:: Work order ::
Include in the output the line containing "this 2250×1497 image." and each subsequent line of the records, through the end, transcribed exactly. Add nothing else.

Records to process Start Marker

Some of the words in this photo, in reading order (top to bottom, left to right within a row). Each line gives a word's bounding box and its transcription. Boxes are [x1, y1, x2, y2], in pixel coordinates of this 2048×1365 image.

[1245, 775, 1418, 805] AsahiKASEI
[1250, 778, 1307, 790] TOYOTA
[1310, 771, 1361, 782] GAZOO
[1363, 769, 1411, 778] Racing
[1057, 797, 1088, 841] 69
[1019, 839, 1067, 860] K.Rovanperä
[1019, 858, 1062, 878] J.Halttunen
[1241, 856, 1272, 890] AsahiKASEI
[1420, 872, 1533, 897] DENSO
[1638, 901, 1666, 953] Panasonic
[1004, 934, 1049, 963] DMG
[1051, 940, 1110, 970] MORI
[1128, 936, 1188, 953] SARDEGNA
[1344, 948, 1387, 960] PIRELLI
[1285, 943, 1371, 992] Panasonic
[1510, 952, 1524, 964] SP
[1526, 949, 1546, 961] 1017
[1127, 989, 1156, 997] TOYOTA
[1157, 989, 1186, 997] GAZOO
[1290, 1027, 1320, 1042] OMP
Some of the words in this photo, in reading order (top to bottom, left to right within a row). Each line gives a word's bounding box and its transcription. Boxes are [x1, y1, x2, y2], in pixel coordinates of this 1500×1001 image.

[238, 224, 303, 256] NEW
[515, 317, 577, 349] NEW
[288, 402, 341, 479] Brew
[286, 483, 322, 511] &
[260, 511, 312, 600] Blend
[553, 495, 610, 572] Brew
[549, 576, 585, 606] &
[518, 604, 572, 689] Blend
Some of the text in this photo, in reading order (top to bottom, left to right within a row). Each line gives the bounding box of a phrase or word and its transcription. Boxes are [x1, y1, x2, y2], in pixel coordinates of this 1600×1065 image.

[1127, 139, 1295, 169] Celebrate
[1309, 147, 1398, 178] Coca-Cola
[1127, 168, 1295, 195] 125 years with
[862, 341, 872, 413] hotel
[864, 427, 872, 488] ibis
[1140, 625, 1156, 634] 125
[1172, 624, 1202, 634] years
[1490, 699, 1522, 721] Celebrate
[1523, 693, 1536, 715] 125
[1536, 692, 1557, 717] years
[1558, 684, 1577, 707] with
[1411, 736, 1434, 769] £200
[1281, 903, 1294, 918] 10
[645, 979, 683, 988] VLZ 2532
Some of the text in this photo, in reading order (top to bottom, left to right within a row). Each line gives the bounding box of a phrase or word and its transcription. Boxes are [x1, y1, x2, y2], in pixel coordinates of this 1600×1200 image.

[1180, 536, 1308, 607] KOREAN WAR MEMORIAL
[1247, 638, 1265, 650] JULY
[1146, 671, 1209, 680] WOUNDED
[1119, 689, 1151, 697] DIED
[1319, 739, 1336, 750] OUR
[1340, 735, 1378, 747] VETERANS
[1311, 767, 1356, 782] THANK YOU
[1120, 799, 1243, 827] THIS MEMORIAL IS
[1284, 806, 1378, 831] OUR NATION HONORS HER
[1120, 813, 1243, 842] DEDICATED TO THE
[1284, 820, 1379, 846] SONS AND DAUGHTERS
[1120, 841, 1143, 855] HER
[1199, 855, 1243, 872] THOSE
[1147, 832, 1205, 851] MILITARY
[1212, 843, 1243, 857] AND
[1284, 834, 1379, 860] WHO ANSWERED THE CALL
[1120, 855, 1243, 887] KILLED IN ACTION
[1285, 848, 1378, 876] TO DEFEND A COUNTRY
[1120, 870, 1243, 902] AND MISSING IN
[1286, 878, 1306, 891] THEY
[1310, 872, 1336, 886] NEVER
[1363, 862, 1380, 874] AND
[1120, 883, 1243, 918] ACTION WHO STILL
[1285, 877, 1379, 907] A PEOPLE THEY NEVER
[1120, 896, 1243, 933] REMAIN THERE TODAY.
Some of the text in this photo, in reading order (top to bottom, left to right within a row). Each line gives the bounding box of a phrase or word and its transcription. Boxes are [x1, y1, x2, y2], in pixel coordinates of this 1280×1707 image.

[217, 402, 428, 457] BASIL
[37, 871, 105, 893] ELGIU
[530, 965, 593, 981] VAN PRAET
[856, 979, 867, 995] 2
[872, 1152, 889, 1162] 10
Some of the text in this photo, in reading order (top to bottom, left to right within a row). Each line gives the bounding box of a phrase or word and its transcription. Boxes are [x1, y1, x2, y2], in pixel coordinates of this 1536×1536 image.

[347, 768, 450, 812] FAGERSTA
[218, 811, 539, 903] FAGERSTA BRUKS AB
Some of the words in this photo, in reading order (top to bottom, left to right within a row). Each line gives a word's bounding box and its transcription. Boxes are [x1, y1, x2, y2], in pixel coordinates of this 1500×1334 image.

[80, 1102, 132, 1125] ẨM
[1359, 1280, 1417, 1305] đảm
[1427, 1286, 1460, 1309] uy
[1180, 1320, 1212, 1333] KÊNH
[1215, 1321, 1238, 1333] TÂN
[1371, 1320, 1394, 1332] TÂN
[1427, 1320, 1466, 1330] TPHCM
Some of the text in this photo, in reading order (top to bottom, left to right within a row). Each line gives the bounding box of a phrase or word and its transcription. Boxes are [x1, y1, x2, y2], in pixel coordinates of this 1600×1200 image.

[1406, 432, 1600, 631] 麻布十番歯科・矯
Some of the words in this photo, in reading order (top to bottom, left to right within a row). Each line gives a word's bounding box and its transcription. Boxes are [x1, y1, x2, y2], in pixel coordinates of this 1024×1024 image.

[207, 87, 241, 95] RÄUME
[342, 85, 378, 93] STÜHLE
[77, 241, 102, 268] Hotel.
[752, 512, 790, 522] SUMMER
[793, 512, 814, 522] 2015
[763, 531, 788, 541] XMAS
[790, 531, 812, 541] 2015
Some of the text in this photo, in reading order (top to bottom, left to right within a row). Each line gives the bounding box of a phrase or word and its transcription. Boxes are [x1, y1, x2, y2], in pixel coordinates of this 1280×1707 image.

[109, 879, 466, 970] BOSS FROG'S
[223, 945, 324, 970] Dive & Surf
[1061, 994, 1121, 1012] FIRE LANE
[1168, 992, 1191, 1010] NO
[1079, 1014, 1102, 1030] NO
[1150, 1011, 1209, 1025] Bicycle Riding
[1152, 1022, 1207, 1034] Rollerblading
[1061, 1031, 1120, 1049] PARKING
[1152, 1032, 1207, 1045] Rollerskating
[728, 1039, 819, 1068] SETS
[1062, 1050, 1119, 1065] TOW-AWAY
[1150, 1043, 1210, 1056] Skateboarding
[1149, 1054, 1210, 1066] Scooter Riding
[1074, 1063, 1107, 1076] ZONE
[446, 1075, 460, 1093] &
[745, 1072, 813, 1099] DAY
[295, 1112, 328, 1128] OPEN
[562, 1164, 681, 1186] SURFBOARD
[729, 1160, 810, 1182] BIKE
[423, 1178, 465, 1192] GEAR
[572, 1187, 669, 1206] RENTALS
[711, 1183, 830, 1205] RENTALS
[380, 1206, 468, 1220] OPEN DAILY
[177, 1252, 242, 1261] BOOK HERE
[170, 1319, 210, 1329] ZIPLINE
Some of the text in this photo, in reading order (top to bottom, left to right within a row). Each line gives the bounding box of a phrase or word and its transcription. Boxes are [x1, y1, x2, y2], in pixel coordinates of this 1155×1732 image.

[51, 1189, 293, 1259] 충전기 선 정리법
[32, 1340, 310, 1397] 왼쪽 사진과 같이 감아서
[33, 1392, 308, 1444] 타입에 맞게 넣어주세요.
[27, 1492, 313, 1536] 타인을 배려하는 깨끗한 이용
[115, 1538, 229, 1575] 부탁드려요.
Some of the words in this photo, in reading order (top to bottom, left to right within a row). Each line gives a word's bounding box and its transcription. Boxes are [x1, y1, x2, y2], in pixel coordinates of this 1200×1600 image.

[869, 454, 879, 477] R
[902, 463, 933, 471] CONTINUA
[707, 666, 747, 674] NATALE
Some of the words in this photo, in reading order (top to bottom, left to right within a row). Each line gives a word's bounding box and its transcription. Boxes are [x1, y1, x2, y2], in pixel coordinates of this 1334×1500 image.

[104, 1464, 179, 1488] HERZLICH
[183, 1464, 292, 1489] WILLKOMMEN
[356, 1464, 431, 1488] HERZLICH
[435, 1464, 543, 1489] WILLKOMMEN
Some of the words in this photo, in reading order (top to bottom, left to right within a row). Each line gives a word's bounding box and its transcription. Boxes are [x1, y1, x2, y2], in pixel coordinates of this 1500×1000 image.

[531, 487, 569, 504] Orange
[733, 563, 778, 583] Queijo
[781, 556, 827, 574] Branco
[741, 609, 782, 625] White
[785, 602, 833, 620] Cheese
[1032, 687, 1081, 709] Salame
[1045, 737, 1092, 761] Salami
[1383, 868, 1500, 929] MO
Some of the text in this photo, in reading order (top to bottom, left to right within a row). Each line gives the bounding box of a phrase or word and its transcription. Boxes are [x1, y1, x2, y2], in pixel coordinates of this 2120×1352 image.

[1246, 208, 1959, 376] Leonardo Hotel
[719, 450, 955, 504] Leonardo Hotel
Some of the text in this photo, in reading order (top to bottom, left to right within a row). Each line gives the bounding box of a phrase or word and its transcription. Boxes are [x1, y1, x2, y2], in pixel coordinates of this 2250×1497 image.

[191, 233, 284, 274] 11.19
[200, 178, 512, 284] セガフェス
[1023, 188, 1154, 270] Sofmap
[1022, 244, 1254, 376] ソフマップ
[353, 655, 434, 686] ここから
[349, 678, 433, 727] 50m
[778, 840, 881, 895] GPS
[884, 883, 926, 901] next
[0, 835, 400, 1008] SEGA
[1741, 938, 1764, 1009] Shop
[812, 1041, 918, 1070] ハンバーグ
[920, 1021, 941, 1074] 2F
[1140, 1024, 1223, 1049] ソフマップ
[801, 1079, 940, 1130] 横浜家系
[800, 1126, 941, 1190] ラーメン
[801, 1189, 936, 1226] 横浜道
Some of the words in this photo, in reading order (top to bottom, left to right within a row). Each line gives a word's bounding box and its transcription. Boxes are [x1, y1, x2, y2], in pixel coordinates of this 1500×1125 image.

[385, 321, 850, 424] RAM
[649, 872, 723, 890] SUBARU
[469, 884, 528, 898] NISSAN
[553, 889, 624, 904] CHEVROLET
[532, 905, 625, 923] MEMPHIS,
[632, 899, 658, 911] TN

Records to process End Marker

:: Result ::
Some of the text in this photo, in reading order (top to bottom, left to right within a row). Each line gives the bounding box of a phrase or word and its transcription. Boxes are [x1, y1, x2, y2], in pixel coordinates of this 2250×1497 image.

[191, 233, 284, 274] 11.19
[200, 178, 512, 284] セガフェス
[1023, 188, 1154, 270] Sofmap
[1022, 244, 1254, 376] ソフマップ
[353, 655, 434, 686] ここから
[349, 678, 433, 727] 50m
[778, 840, 881, 895] GPS
[884, 883, 926, 901] next
[0, 835, 400, 1008] SEGA
[1741, 938, 1764, 1009] Shop
[812, 1041, 918, 1070] ハンバーグ
[920, 1021, 941, 1074] 2F
[1140, 1024, 1223, 1049] ソフマップ
[801, 1079, 940, 1130] 横浜家系
[800, 1126, 941, 1190] ラーメン
[801, 1189, 936, 1226] 横浜道
Some of the words in this photo, in reading order (top to bottom, left to right within a row). Each line gives a word's bounding box and its transcription. Boxes are [x1, y1, x2, y2], in pixel coordinates of this 1500×1125 image.

[385, 321, 850, 424] RAM
[649, 872, 723, 890] SUBARU
[469, 884, 528, 898] NISSAN
[553, 889, 624, 904] CHEVROLET
[532, 905, 625, 923] MEMPHIS,
[632, 899, 658, 911] TN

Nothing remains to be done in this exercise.